Main Outcome Measures  Completion data on chemotherapy steps of high morbidity/mortality potential if missed (as determined by attending oncologists) from 1259 pre-CPOE paper and 1116 post-CPOE pediatric chemotherapy orders.

Results  After CPOE deployment, daily chemotherapy orders were less likely to have improper dosing (relative risk [RR], 0.26; 95% confidence interval [CI], 0.11-0.61), incorrect dosing calculations (RR, 0.09; 95% CI, 0.03-0.34), missing cumulative dose calculations (RR, 0.32; 95% CI, 0.14-0.77), and incomplete nursing checklists (RR, 0.51; 95% CI, 0.33-0.80).
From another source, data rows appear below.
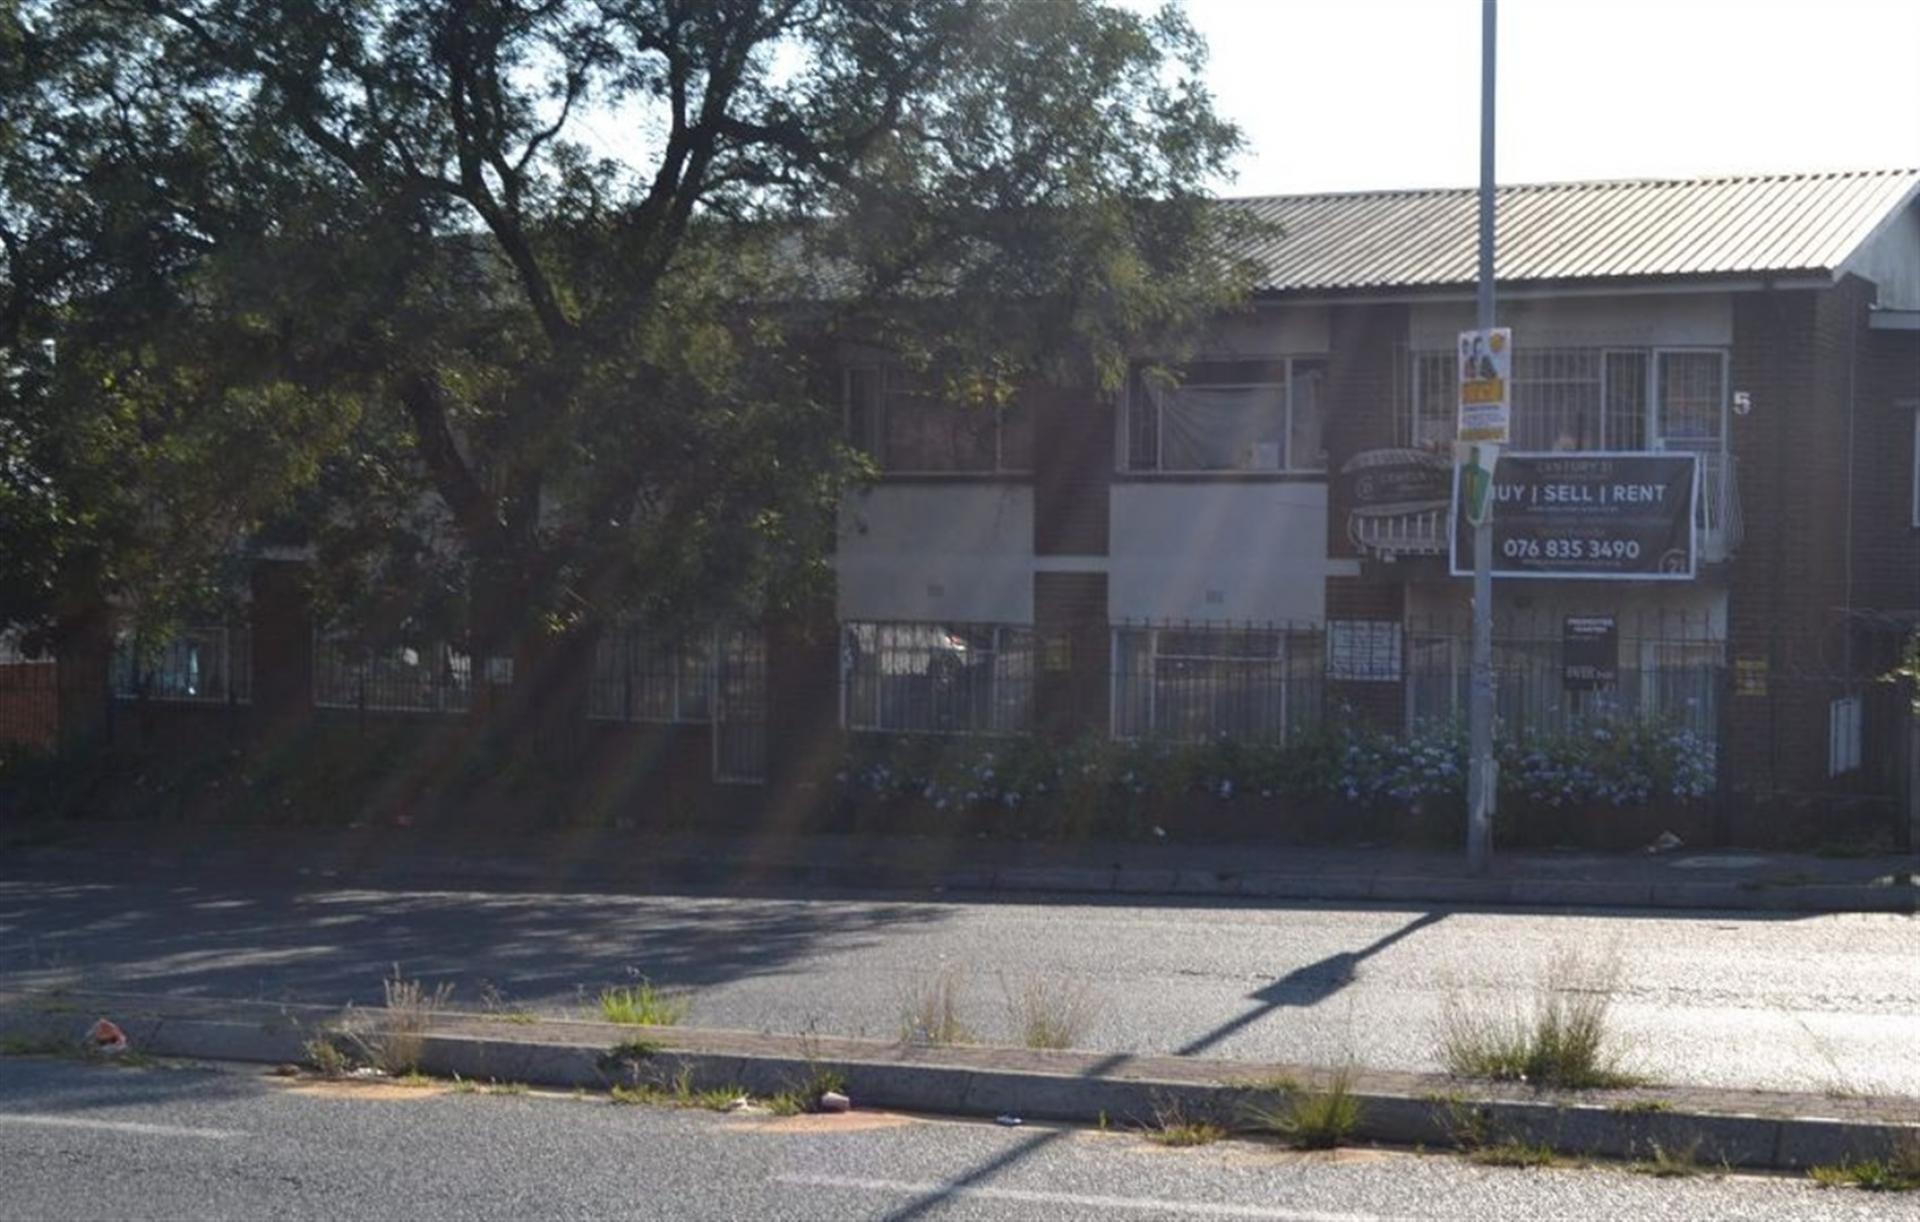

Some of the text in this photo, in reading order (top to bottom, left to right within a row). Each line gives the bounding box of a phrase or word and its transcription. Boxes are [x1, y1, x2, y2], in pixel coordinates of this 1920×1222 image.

[1734, 391, 1751, 415] 5
[1544, 484, 1593, 502] SELL
[1614, 484, 1667, 502] RENT
[1503, 538, 1640, 559] 076 835 3490
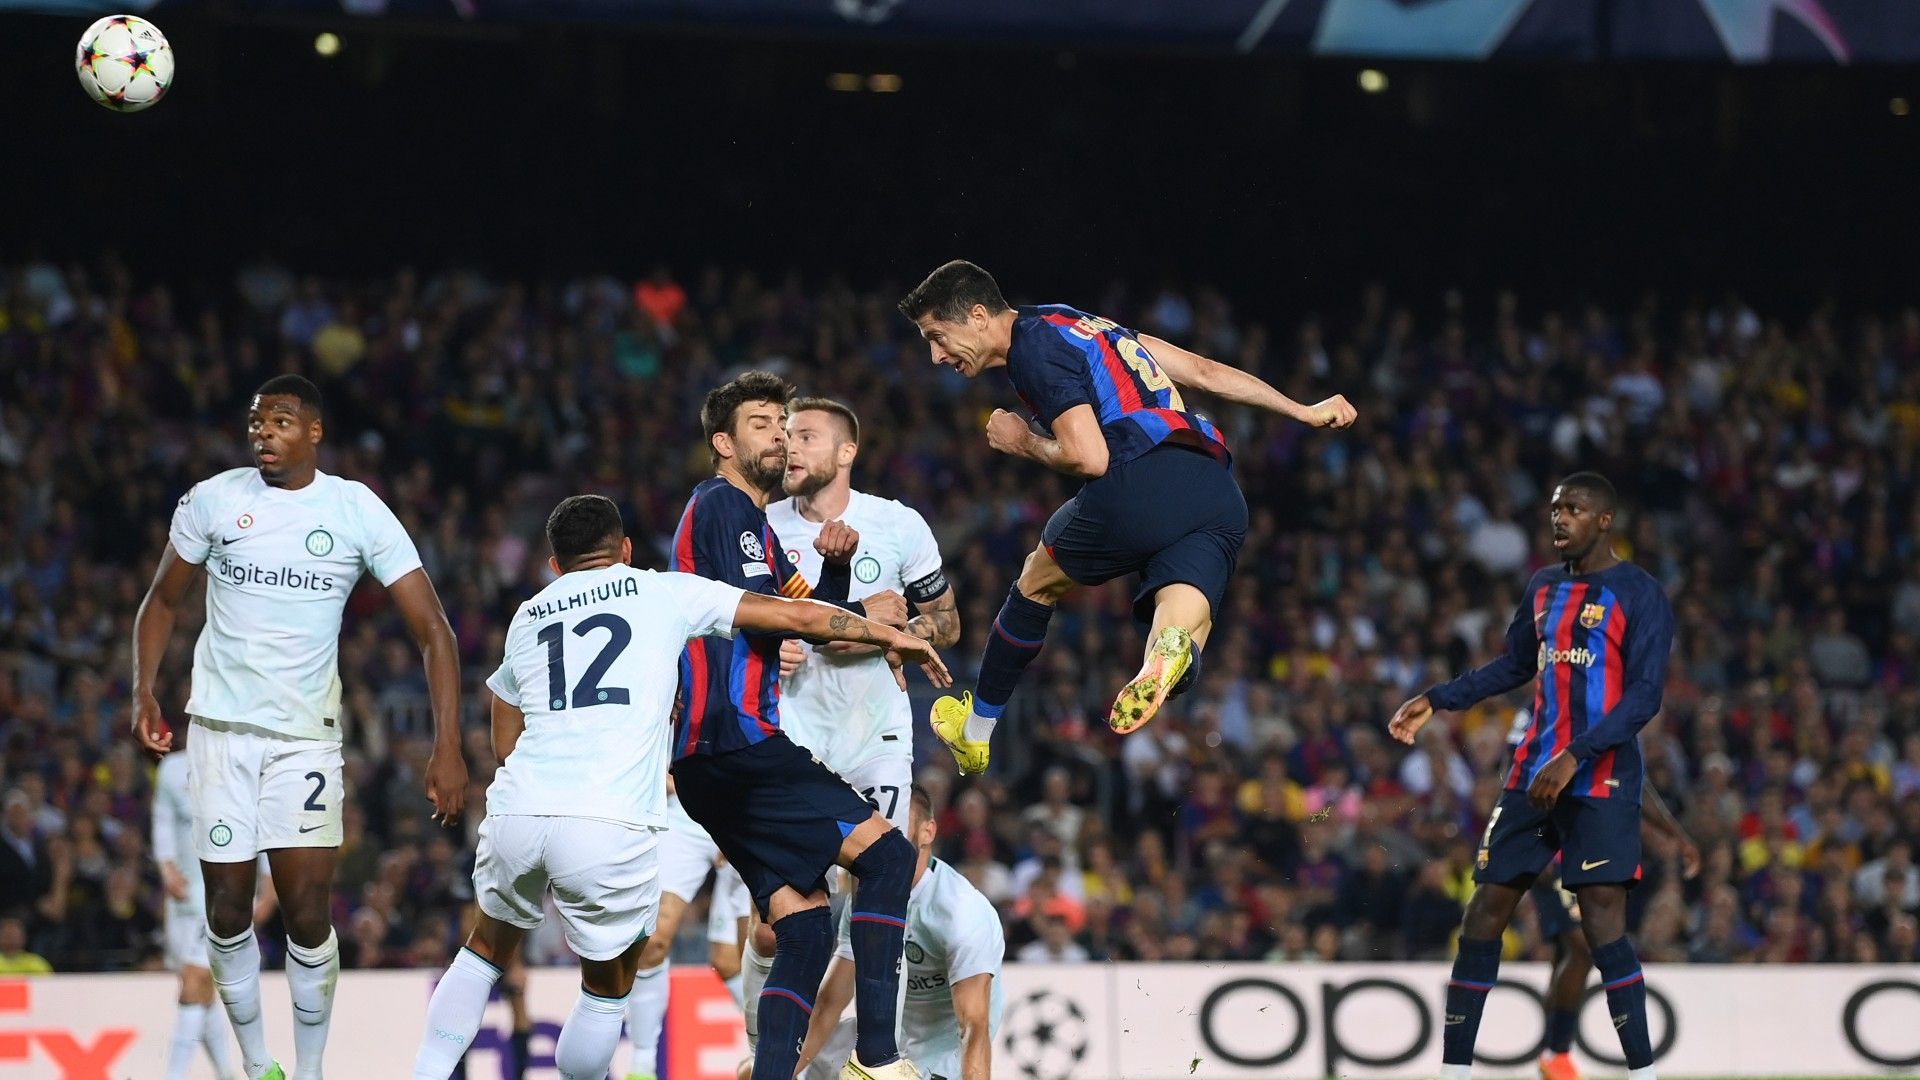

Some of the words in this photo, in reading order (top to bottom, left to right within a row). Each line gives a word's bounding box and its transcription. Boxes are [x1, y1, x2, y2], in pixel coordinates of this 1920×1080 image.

[220, 558, 333, 591] digitalbits
[537, 613, 632, 711] 12
[1547, 647, 1597, 668] Spotify
[304, 771, 326, 811] 2
[1200, 977, 1677, 1077] oppo
There was no difference in the likelihood of improper dosing on treatment plans and a higher likelihood of not matching medication orders to treatment plans (RR, 5.4; 95% CI, 3.1-9.5).

Conclusion  Failure modes and effects analysis–guided CPOE reduced ordering errors in pediatric chemotherapy and provided data for further improvements.

Figures in this Article

The complexity of pediatric chemotherapy makes it vulnerable to errors.1 As a specialized medication process, it combines the risks for errors in pediatric drug dosage calculation (which is dependent on age, weight, and body surface area) and the risks associated with the narrow therapeutic profile and high potential for acute and cumulative toxicities of antineoplastic agents.2 Those risks, combined with potential interruptions in the execution of detailed protocols (due to the labile physiological conditions of patients), create a higher probability and impact of errors and worse outcomes3 in an already vulnerable population.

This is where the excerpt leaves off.